Function of Management
o Planning
- Planning means setting business objectives and deciding how best to
accomplish them. Planning is managerial regarding the goals and
setting the future course of action from a set of substitutes to reach
them.
o Organizing
- Organizing can be defined as the procedure by which the accepted
plans are moved closer to awareness. Once a manager sets targets
and develops plans, his next decision-making is organizing human
resources and other resources recognized as required by the plan to
reach the goal. Organizing involves regulating how activities and
resources are to be gathered and coordinated.
o Staffing
- Staffing refers to the perpetual process of finding, selecting, assessing
and developing a working relationship with current or future
employees. The main target of staffing is to fill the various parts within
the company with acceptable candidates.
- Staffing can be done within the company or by contractors at different
levels of the staffing process. Staffing refers to the appointment of
various people in a team according to their knowledge, occurrence
talent, skill, and areas of proficiency. With staffing, management tries to
simultaneously find, assess, select and encourage talent while also
catering to the present talent at the management.
o Leading (Directing)
- Leading refers to the skill of affecting people for a particular motive or
reason. It is observed to be the most important and demanding of all
organizational activities. Leading is affecting or encouraging the
organization member to work together with the interest of the
organization.
- Producing a positive thinking towards the work and targets among the
members of the organization is called leading. It is required as it helps
to serve the objective of success and efficiency by changing the
behavior of the employees.
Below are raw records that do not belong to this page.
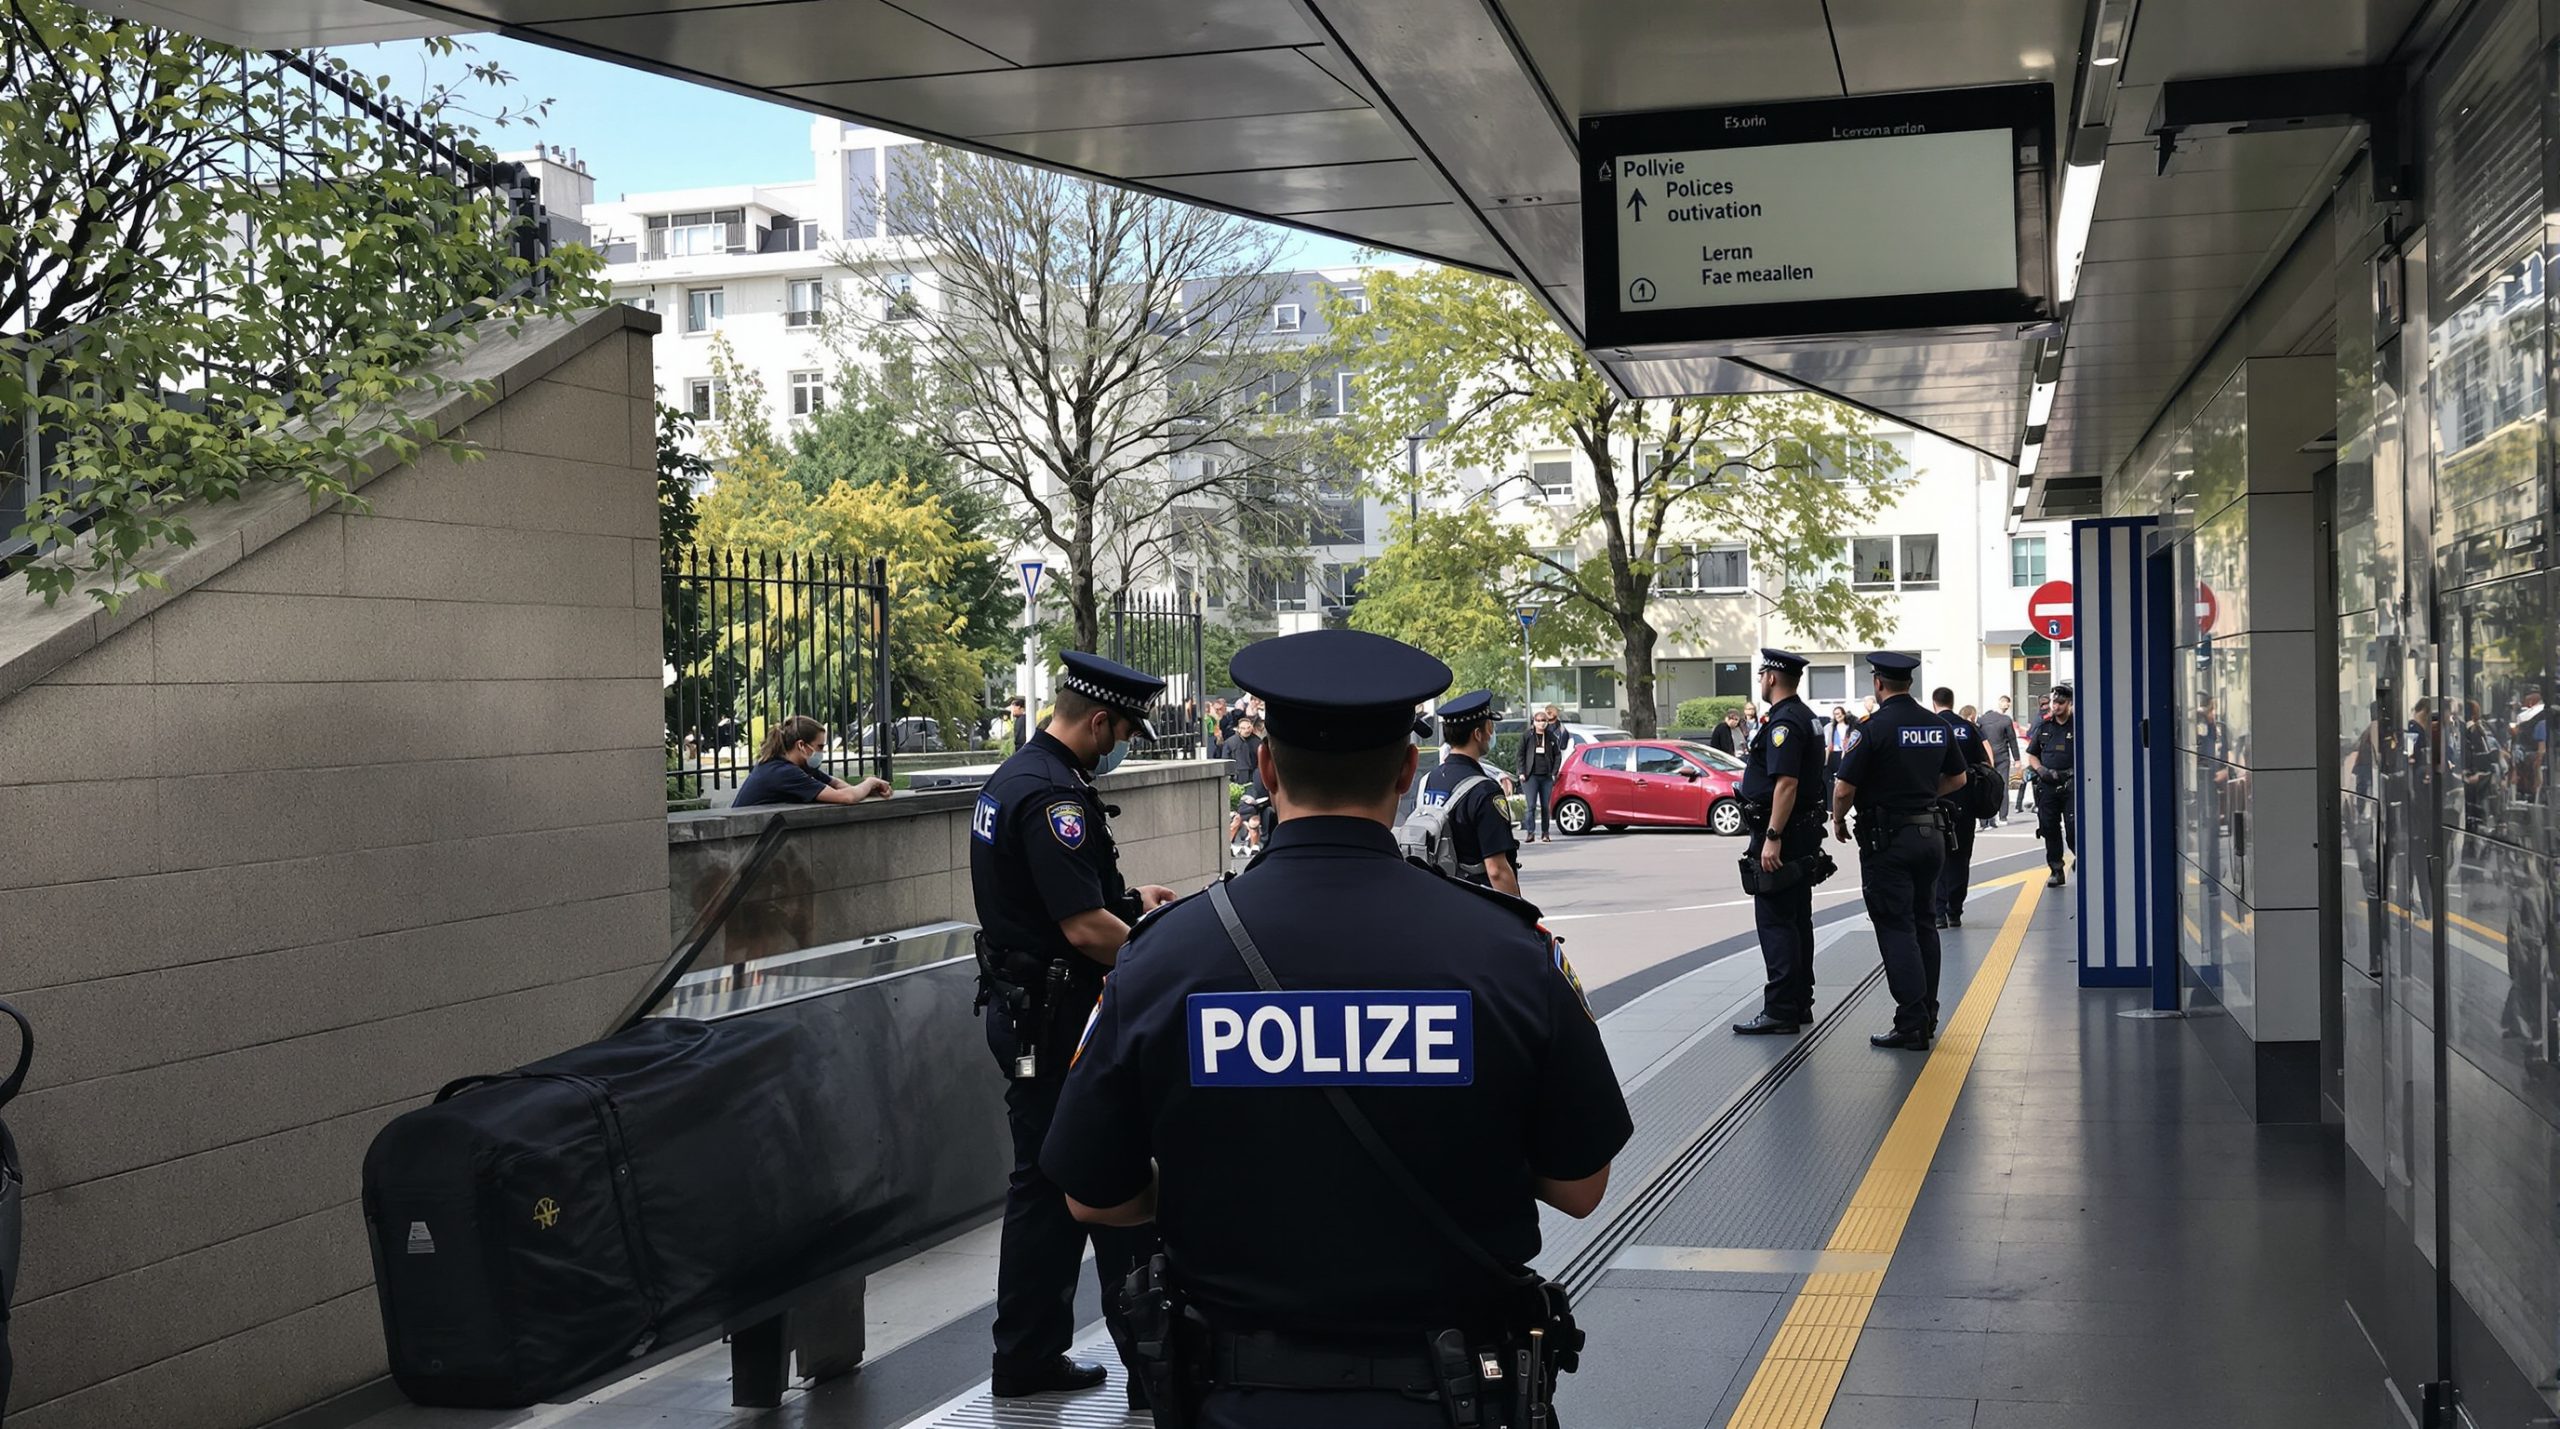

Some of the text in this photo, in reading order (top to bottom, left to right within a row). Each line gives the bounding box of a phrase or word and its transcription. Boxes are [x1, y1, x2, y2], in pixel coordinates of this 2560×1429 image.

[1623, 158, 1686, 178] Pollvie
[1666, 179, 1734, 198] Polices
[1667, 200, 1762, 222] outivation
[1701, 264, 1814, 285] Fae meaallen
[1902, 729, 1944, 745] POLICE
[1200, 1004, 1460, 1074] POLIZE
Leading involves several division
procedures and activities.
- The functions of administration, motivation, communication, and
cooperation are considered a part of the leading processor system.
o Controlling
- Observing the organizational progress toward goal achievement is
called controlling. Thus, observing progress is necessary to ensure the
acquisition of organizational goals.
- Controlling is measuring, comparing, finding differences, and
correcting the organizational skills performed to achieve the target or
objectives. Thus, controlling consists of activities like; evaluating the
performance, comparing with the existing standard and finding the
differences, and correcting the differences.
- Control activities normally relate to the measurement of acquirement or
results of actions taken to attain the goal.